Annesi tarafından odaya kilitlenen Berfin o kadar perişan bir hâldeydi ki hiçbir şey yiyip içememişti. Annesinin yaptıklarına karşın babasının vicdanına sığınıp umutlanmıştı. Tarlada çalışan babasının, akşam eve dönüp durumunu öğrendiğinde annesine kızarak kendisini odadan çıkaracağını düşünmüştü. Ancak işler hiç de umduğu gibi gitmemişti. Olan biteni öğrenen babası da tıpkı annesi gibi bir canavara dönüşmüş, Berfin’i feci bir şekilde dövmüştü. Ardından da ders alsın diye yüzü gözü kanlar içinde ahıra kilitlemişti onu. Günün belli saatlerinde annesi gelip bir kap içerisinde lapa gibi bir yemek ile bir bardak su koyup, hakaretler edip gidiyordu. Sadece küçük kardeşi bazen gizlice gelip, kapı aralığından ona seslenip, kurtulacağını söyleyerek moral veriyordu.

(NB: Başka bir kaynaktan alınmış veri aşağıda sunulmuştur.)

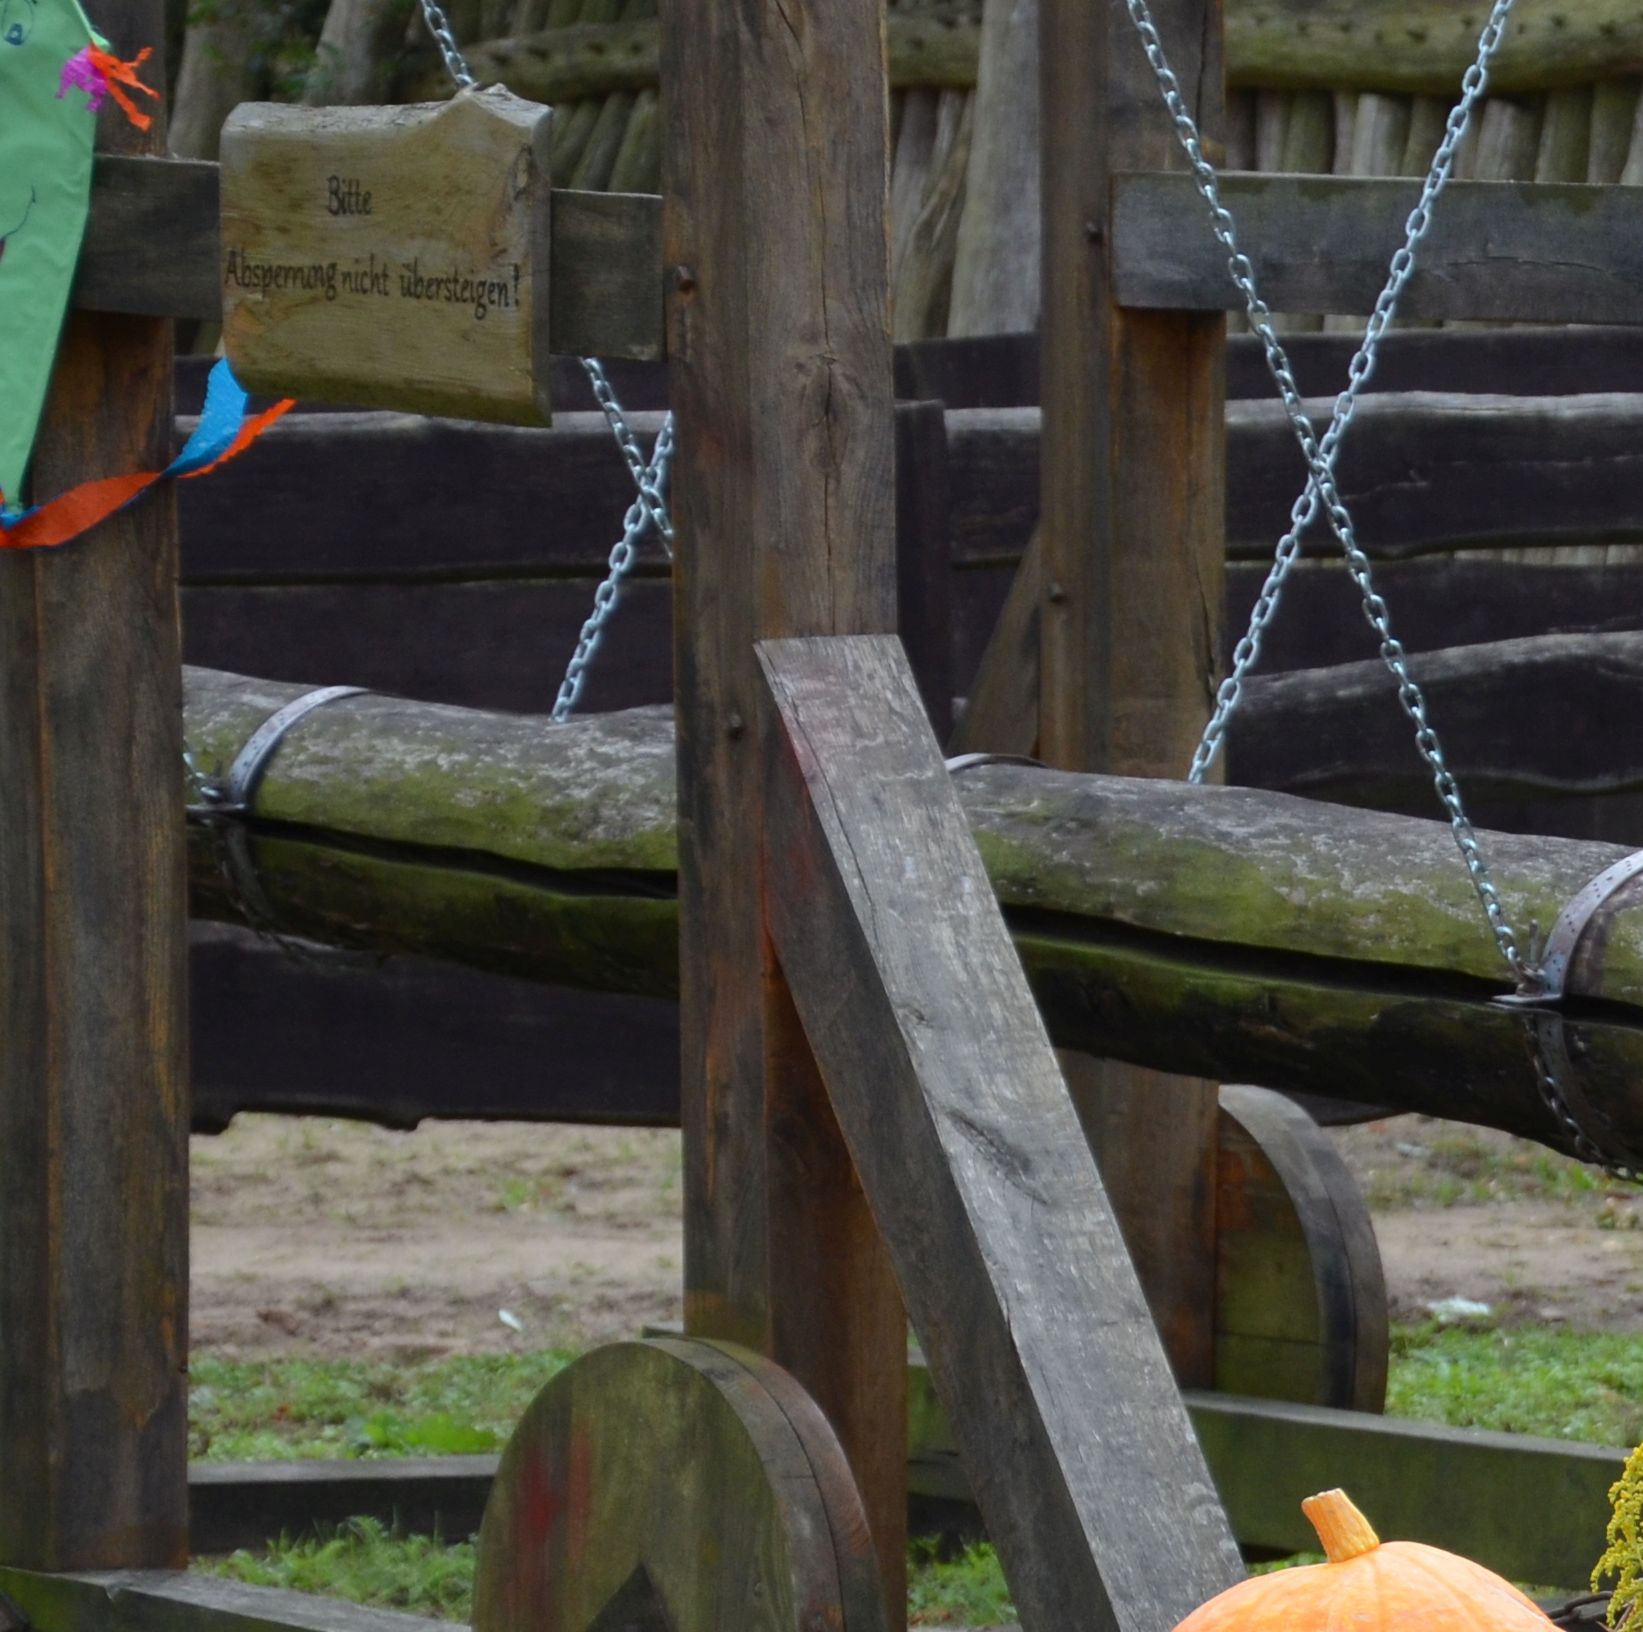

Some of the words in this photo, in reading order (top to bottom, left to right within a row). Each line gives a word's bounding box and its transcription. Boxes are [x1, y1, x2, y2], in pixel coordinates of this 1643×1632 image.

[326, 174, 373, 216] Bitte
[224, 248, 338, 302] Absperrung
[341, 252, 389, 296] nicht
[400, 256, 520, 320] übersteigen!
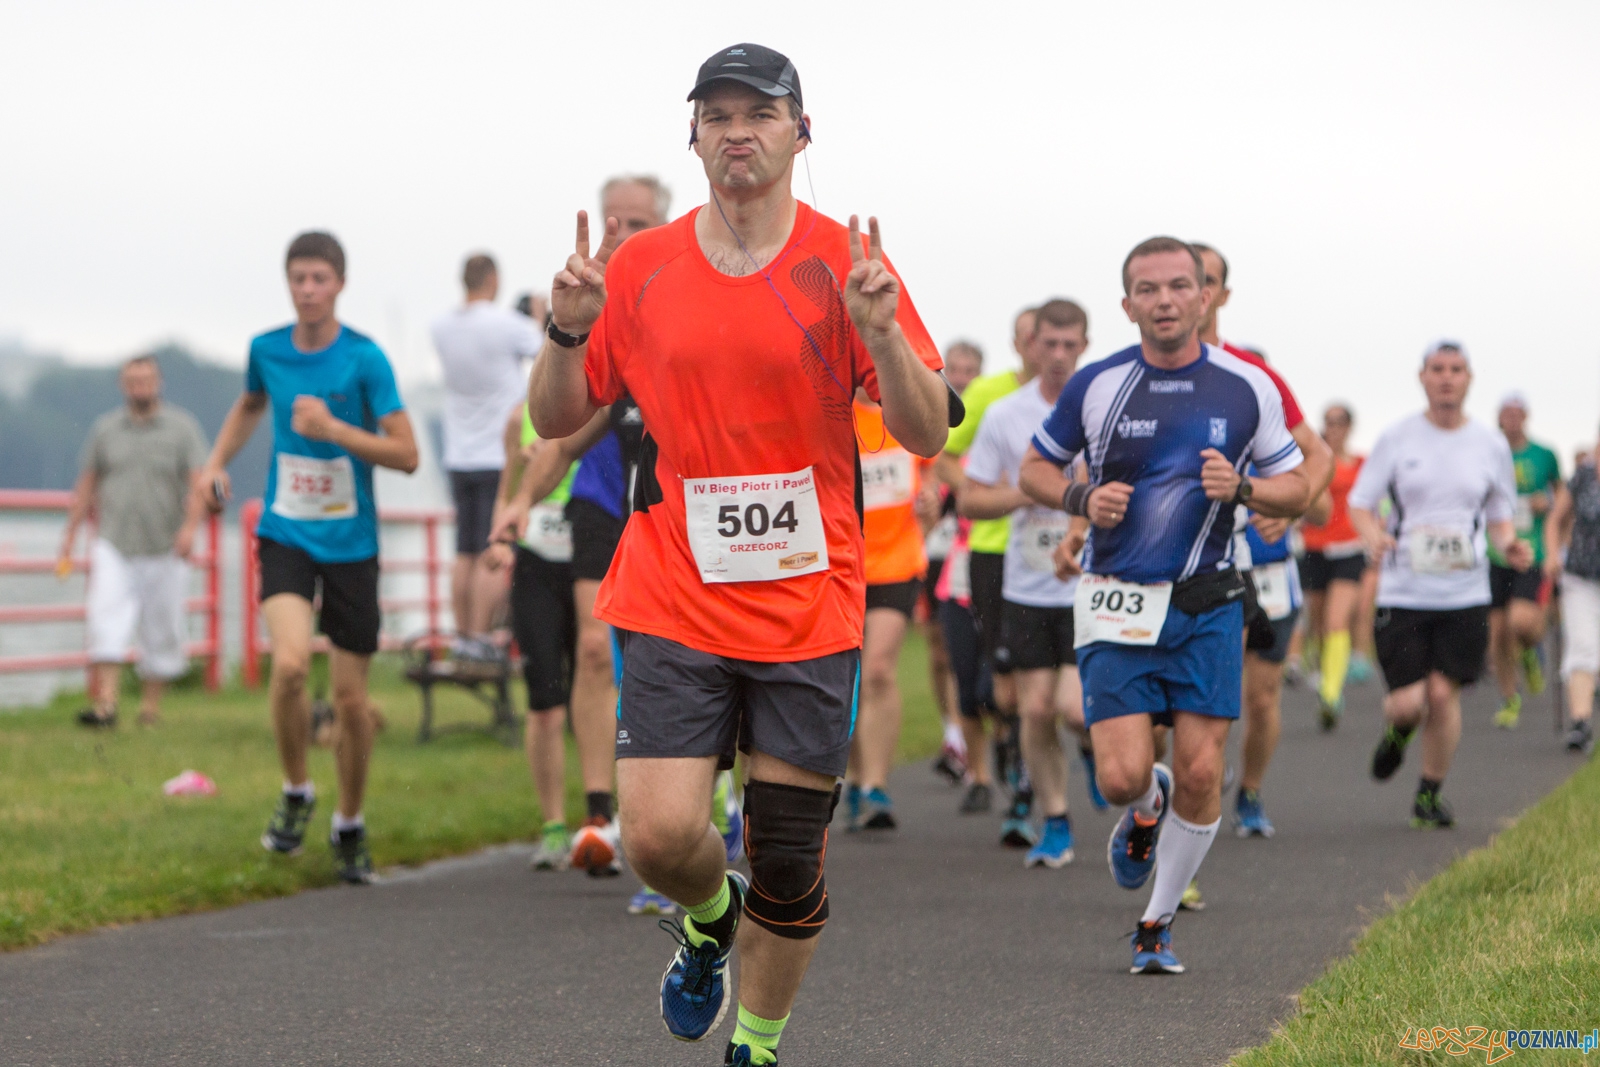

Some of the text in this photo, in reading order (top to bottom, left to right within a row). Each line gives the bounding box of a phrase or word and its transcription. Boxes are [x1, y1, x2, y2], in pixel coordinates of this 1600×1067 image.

[694, 484, 706, 494] IV
[709, 483, 738, 495] Bieg
[741, 481, 771, 492] Piotr
[775, 480, 779, 490] i
[717, 500, 799, 538] 504
[729, 541, 788, 552] GRZEGORZ
[1090, 589, 1145, 615] 903
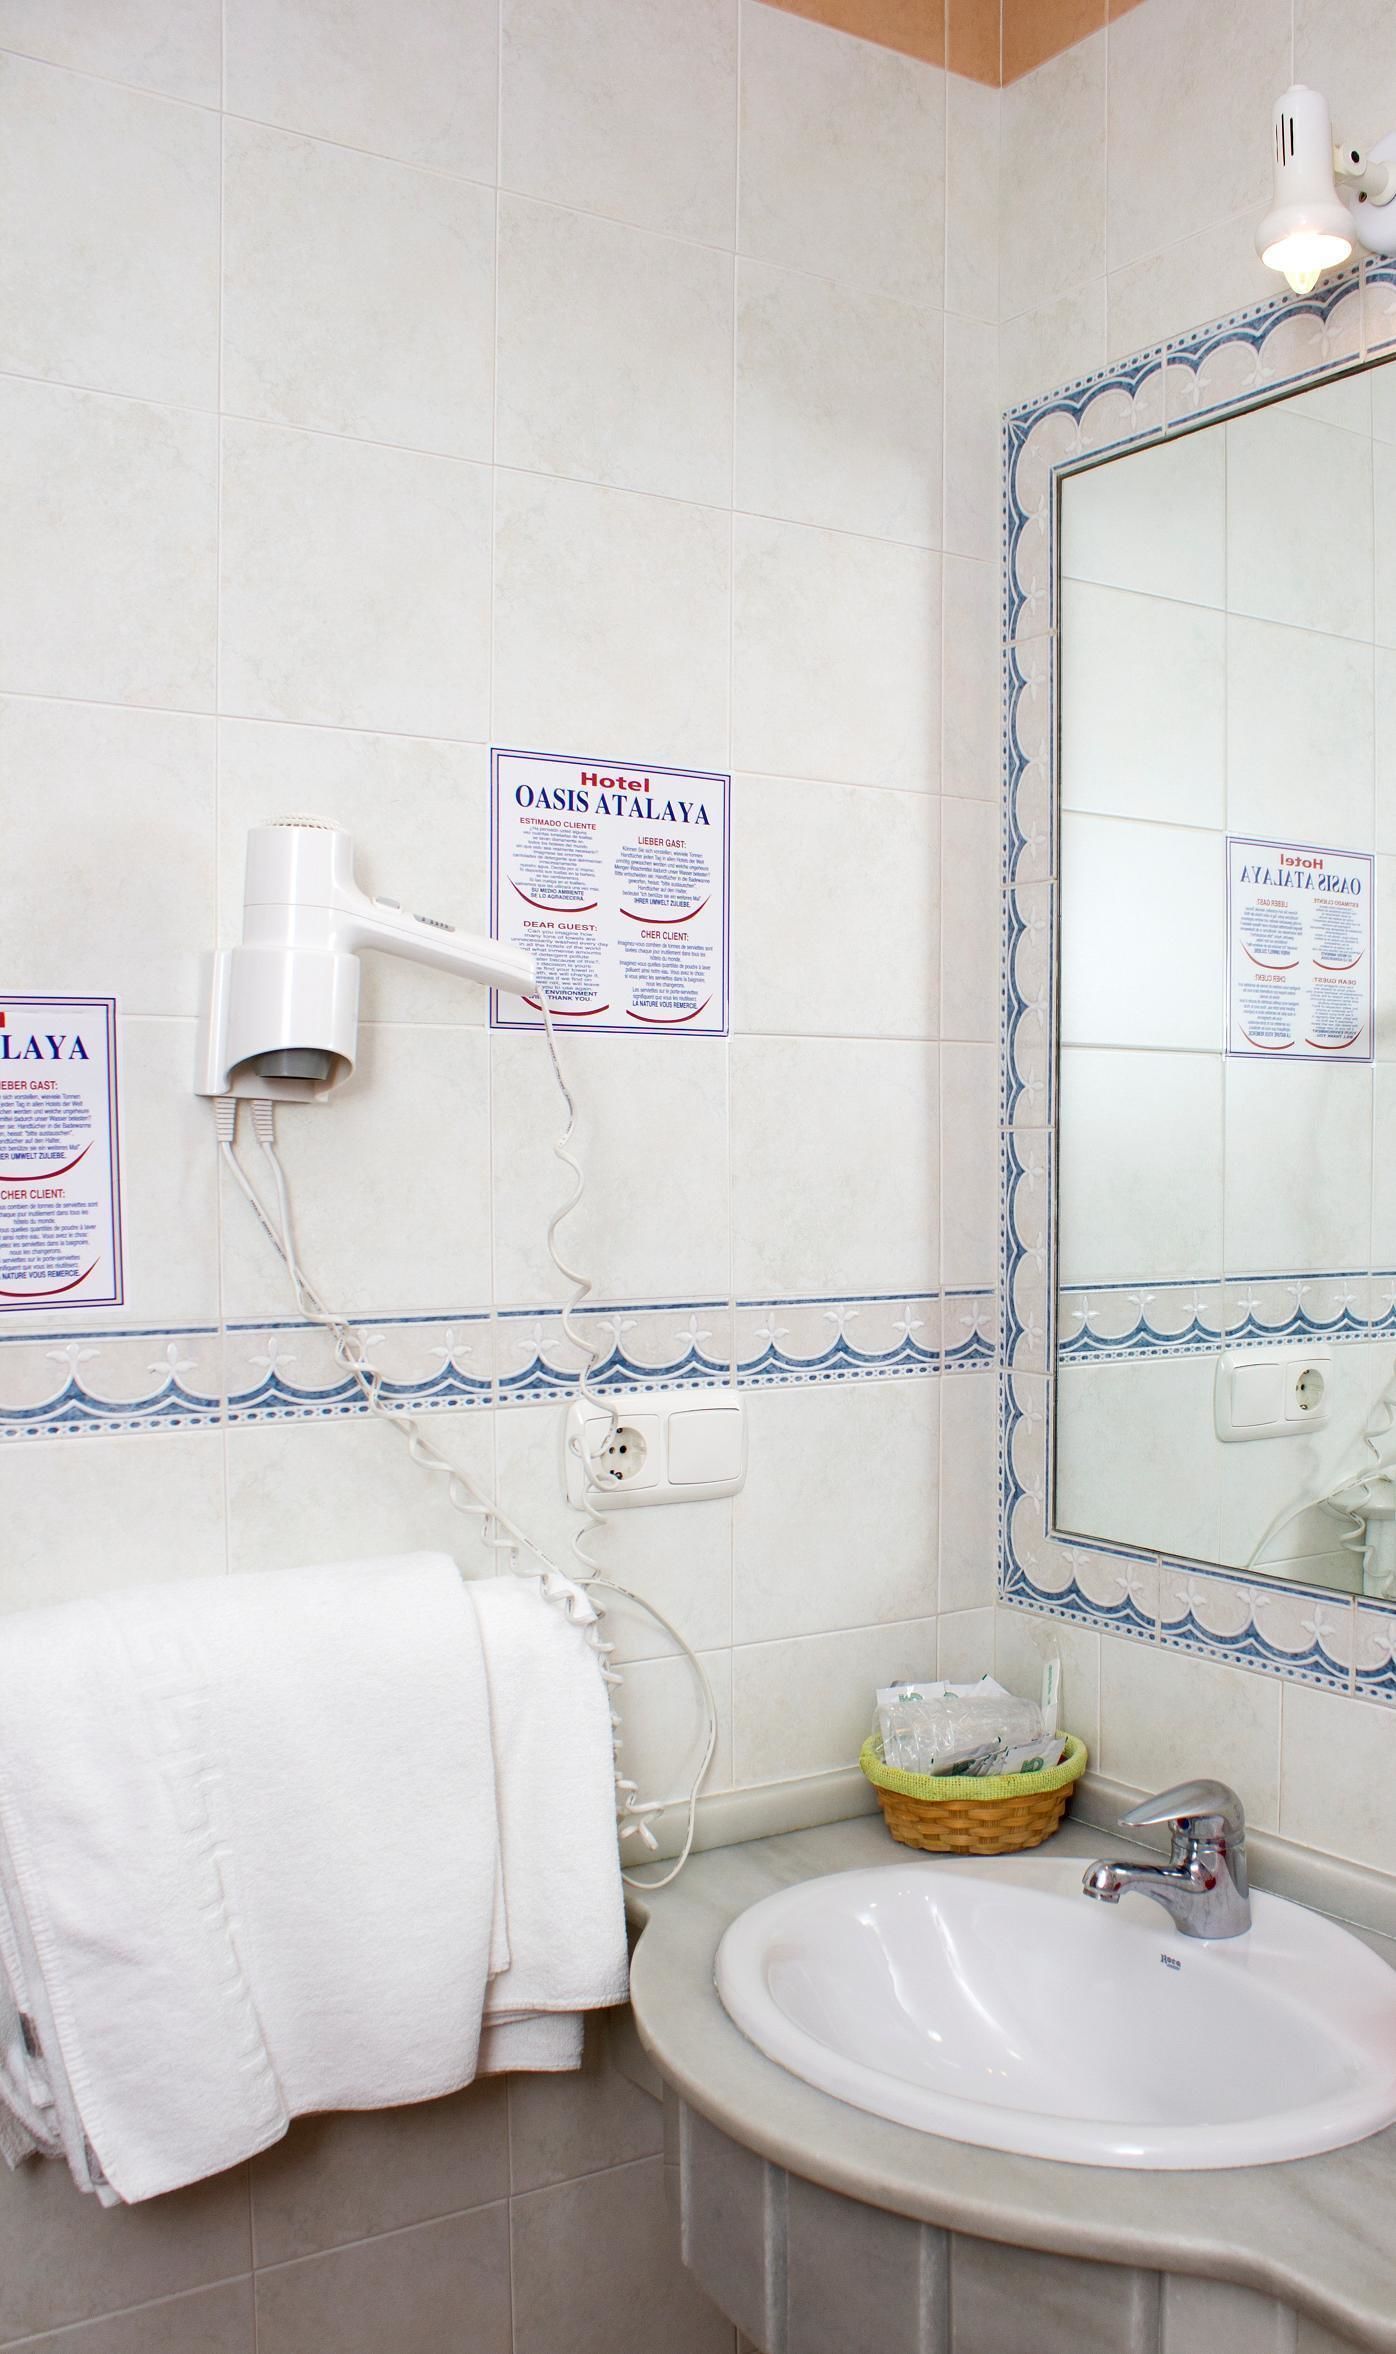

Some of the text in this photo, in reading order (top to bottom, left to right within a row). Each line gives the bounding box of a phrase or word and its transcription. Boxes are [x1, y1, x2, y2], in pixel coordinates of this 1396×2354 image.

Her şey bir anda tersine dönmüş, ıstırap dolu günler başlamıştı Berfin için. Henüz Mirza’yla kaçmamış, ailesinin başını öne eğecek, onurunu zedeleyecek bir hareket yapmamıştı ama bu olayın anne ve babasını bu kadar öfkelendireceğini de hiç düşünmemişti. Daha şimdiden kendisine bunları yapan ailesi, kim bilir kaçsaydı neler yapacaklardı? Anne ve babasının öfkesinin, inançla bir ilgisinin olmadığını, tamamen cehaletten kaynaklandığını düşünüyordu. Kendisi de hiç okula gitmemişti ama tek suçu birini sevmek olan bir insana bu kadar zulüm yapmanın cehaletten başka bir açıklaması da olamazdı.

Birkaç gün böyle geçtikten sonra bir sabah güneş henüz yeni doğmuşken annesi ahıra gelmişti. Hiçbir şey demeden bağlarını çözmüş, sonra da koluna girip onu eve götürmüştü. Tavırlarındaki samimiyetsizlik genç kızın dikkatini çekse de bunu pişmanlığa ve mahcubiyete yorup çok da üstünde durmamıştı. Annesi önce onu güzelce yıkamış, sonra da temiz kıyafetler giydirip karşısına alıp konuşmuştu.

“Almanya’da yaşayan akrabalarımızdan ve cemiyetimizin önemli ailelerinden birinin oğlu seni istemişti ancak biz yaşın küçük olduğu için kabul etmemiştik. Baban bugün şehre gidip onlara telefon ederek, tekliflerini kabul ettiğimizi söyleyecek ve sözünüzün kesilmesi için onları buraya davet edecek. Yaşı senden biraz büyük olsa da bu çok önemli değil. Hem yaşça olgun olması senin için daha iyi zira olgun erkekler eşlerine daha sadık olurlar. Sana sahip çıkar, yalnız bırakmaz. Üstelik çok da zengin… Köy yerinden kurtulursun, Almanya’da çok güzel bir hayatın olur. Bugünden itibaren sen de kendini toparlamaya çalışsan iyi edersin.” demişti.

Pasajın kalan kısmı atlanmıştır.